* [AIM OF THE TASK] Would you write out the full listing exactly, without any pictures?

----

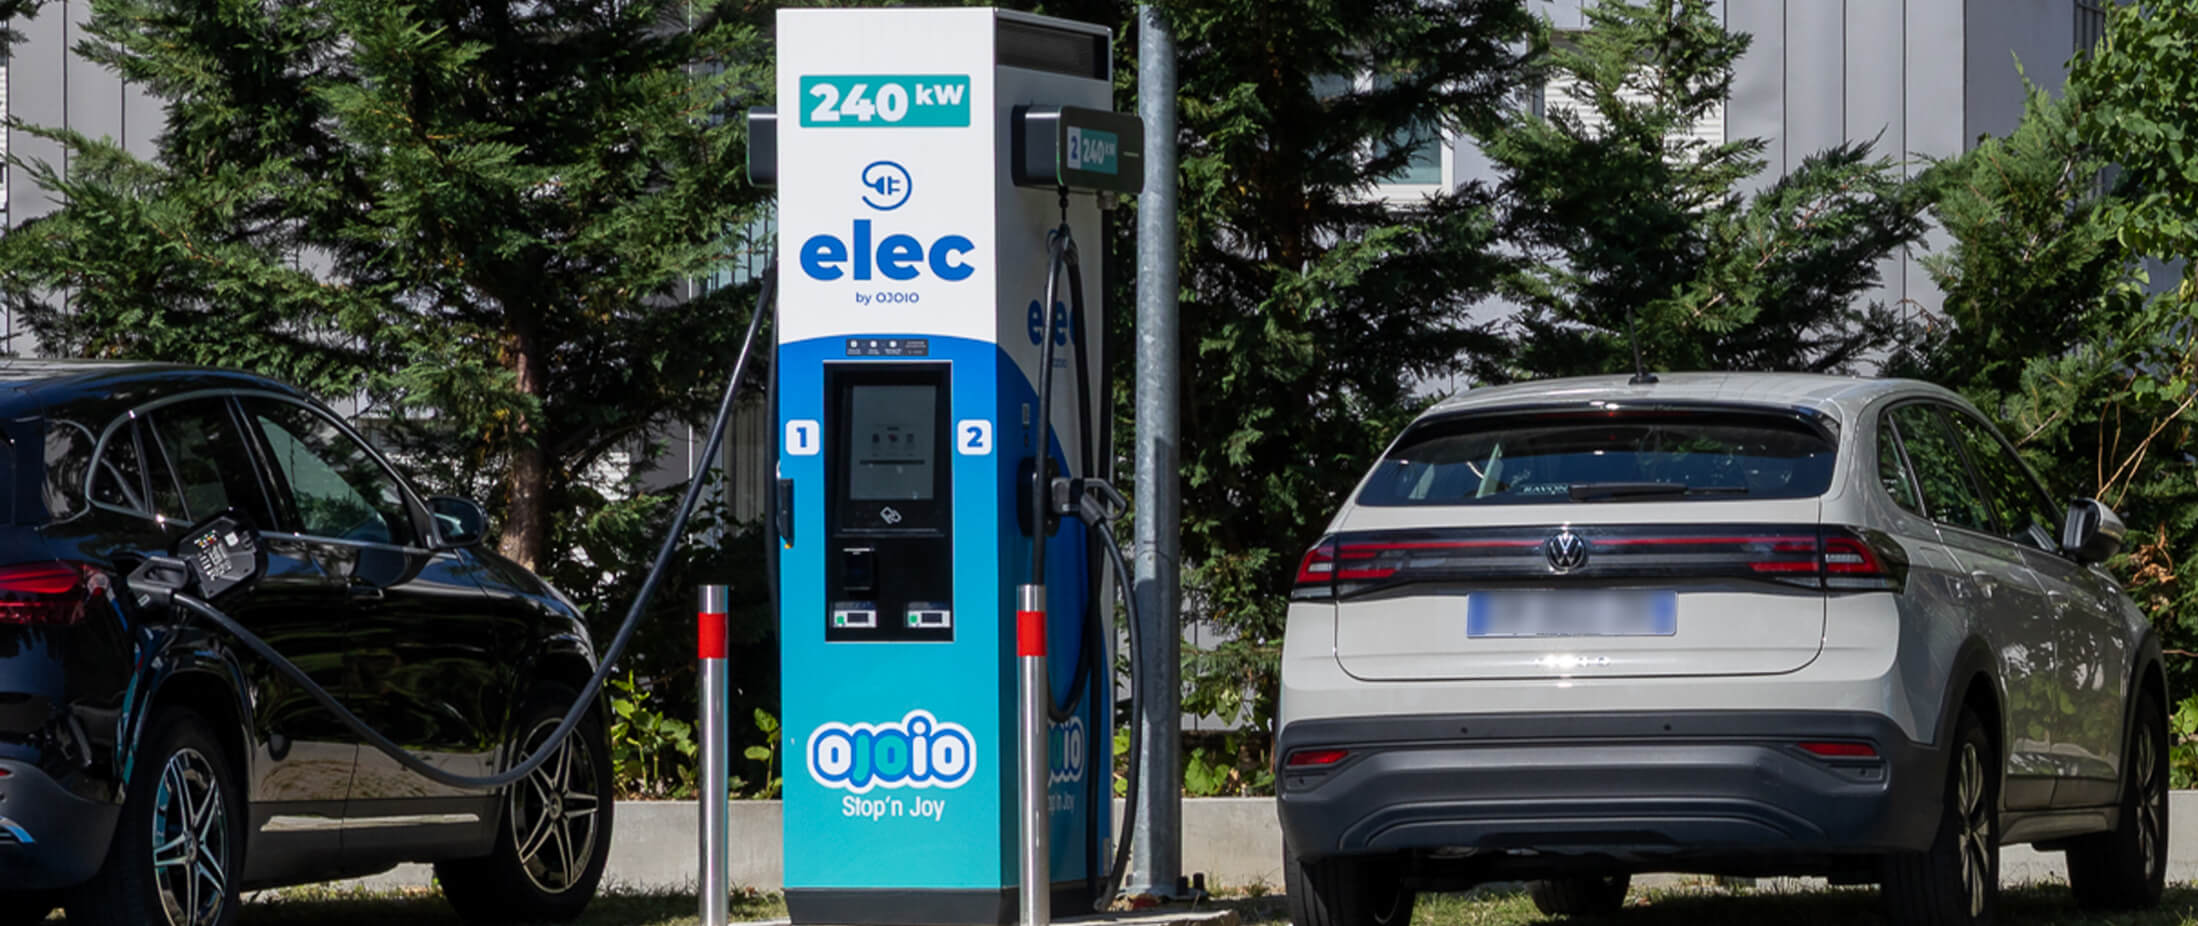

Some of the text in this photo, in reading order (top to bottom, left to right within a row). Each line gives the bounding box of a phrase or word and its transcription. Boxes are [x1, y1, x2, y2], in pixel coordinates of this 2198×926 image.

[809, 82, 965, 122] 240 kW
[1071, 135, 1079, 160] 2
[1083, 138, 1105, 165] 240
[799, 219, 975, 282] elec
[855, 292, 920, 306] by OJOIO
[796, 426, 808, 448] 1
[966, 426, 984, 448] 2
[842, 796, 945, 822] Stop'n Joy
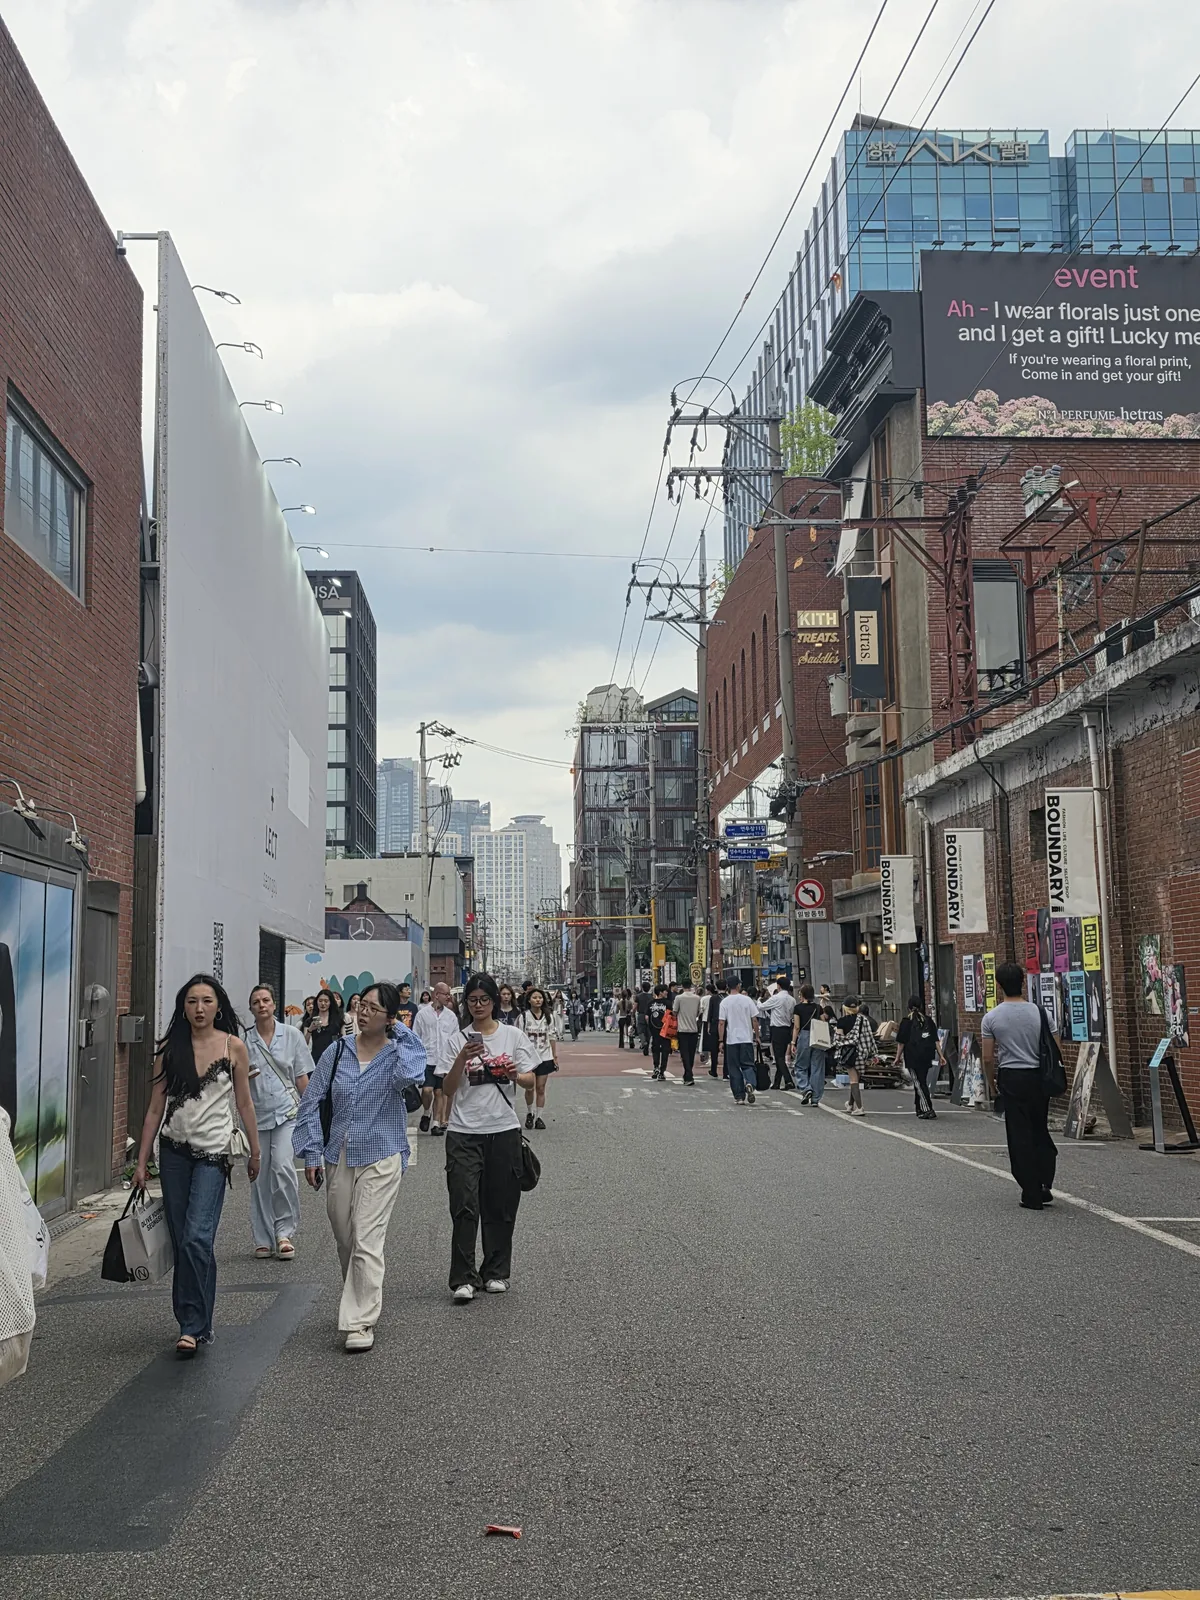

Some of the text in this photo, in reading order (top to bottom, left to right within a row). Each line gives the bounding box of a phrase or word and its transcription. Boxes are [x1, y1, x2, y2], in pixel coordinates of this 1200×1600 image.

----

* [ANSWER SECTION]
Some of the text in this photo, in reading order (top to bottom, left to right within a row). Each line gives the bounding box of a phrase or word and its transcription. Boxes are [x1, y1, x2, y2], in pixel coordinates of this 2198×926 image.

[809, 82, 965, 122] 240 kW
[1071, 135, 1079, 160] 2
[1083, 138, 1105, 165] 240
[799, 219, 975, 282] elec
[855, 292, 920, 306] by OJOIO
[796, 426, 808, 448] 1
[966, 426, 984, 448] 2
[842, 796, 945, 822] Stop'n Joy

Some of the text in this photo, in reading order (top to bottom, left to right within a row). Each line gives the bounding box of a phrase or word and its transcription. Boxes are [x1, y1, x2, y2], in pixel coordinates of this 1200×1600 image.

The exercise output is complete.